Well, several Forth implementations (e.g. FIG-Forth) use (zp,X) addressing, particularly in @ (fetch) and ! (store). However, it's worth noting that in an STC Forth, it possible to optimize away (zp,X) addressing when compiling @ and ! (and C@ and C! as well). (IMO, this is a one of the most worthwhile optimizations to make, behind tail call optimization, and maybe inlining, but not much else.) Let's illustrate with an (totally untested) example. First, let's define PUSHAY and PULLAY for pushing to and pulling from the Forth data stack (from and to the A and Y registers):

Code:
PUSHAY
   DEX
   DEX
   STY 0,X
   STA 1,X
   RTS
PULLAY
   LDY 0,X
   LDA 1,X
   INX
   INX
   RTS


Now we can define LITERAL as follows:

: LITERAL DUP #, LDY, 8 RSHIFT #, LDA, PULLAY ; IMMEDIATE

In other words, 513 LITERAL compiles:

Code:
LDY #1     ; lo byte
LDA #2     ; hi byte
JSR PUSHAY


Now we can define @ and ! as follows:

Code:
FETCH
   LDA (0,X)
   INC 0,X
   BNE .1
   INC 1,X
.1 TAY
   LDA (0,X)
   STA 1,X
   STY 0,Y
   RTS
STORE
   LDA 2,X
   STA (0,X)
   INC 0,X
   BNE .1
   INC 1,X
.1 LDA 3,X
   STA (0,X)
   INX
   INX
   INX
   INX
   RTS


So, : A 258 @ B 260 ! ; compiles (assuming tail call optimization):

Code:
A LDY #2
  LDA #1
  JSR PUSHAY
  JSR AT
  JSR B
  LDY #4
  LDA #1
  JSR PUSHAY
  JMP STORE


But this can be optimized to:

Code:
A LDY 258
  LDA 258+1
  JSR PUSHAY
  JSR b
  JSR PULLAY
  STY 260
  STA 260+1
  RTS


which is both shorter and (much) faster. CONSTANT and VARIABLE can be defined as follows:

: CONSTANT : POSTPONE LITERAL POSTPONE ; ;
: VARIABLE HERE 7 + CONSTANT 0 , ;

and thus 262 CONSTANT C compiles to:

Code:
C LDY #6
  LDA #1
  JMP PUSHAY


And VARIABLE D compiles to

Code:
D  LDY #.1
   LDA #>.1
   JMP PUSHAY
.1 DW  0


Thus, a common usage of @ and ! (and similarly for C@ and C! and even +!) can be optimized by checking for (or keeping track of) just two possibilities: (1) a LDA #$xx LDA #$xx JSR PUSHAY sequence (i.e. a LITERAL) was just compiled, or (2) a JSR to a LDY #$xx LDA #$xx JMP PUSHAY routine (i.e. a call to a CONSTANT or a VARIABLE such as a JSR C or JSR D from the preceeding examples) was just compiled.
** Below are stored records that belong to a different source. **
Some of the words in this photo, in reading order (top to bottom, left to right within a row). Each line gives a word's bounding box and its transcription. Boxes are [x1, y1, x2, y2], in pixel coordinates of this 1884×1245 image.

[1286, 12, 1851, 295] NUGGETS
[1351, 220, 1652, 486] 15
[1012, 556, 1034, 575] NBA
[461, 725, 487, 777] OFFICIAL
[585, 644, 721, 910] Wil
Bear in mind that a compiler that is doing tail call optimization (pretty much a must-have for an STC Forth) is already keeping track of whether it just compiled a JSR.

So, while (zp,X) addressing is certainly nice to have, and its functionality should be possible, I'm not (yet) convinced that it needs to be easy or fast in a 6502-like processor. It depends on your goals, of course. If your goal is to run 6502 programs (or make it easy to port 6502 programs, as with the 65org16), then (zp,X) addressing is a must. If your goal is have a 6502-inspired processor that can run Forth, then you may be better off looking at a stack machine or Forth processor.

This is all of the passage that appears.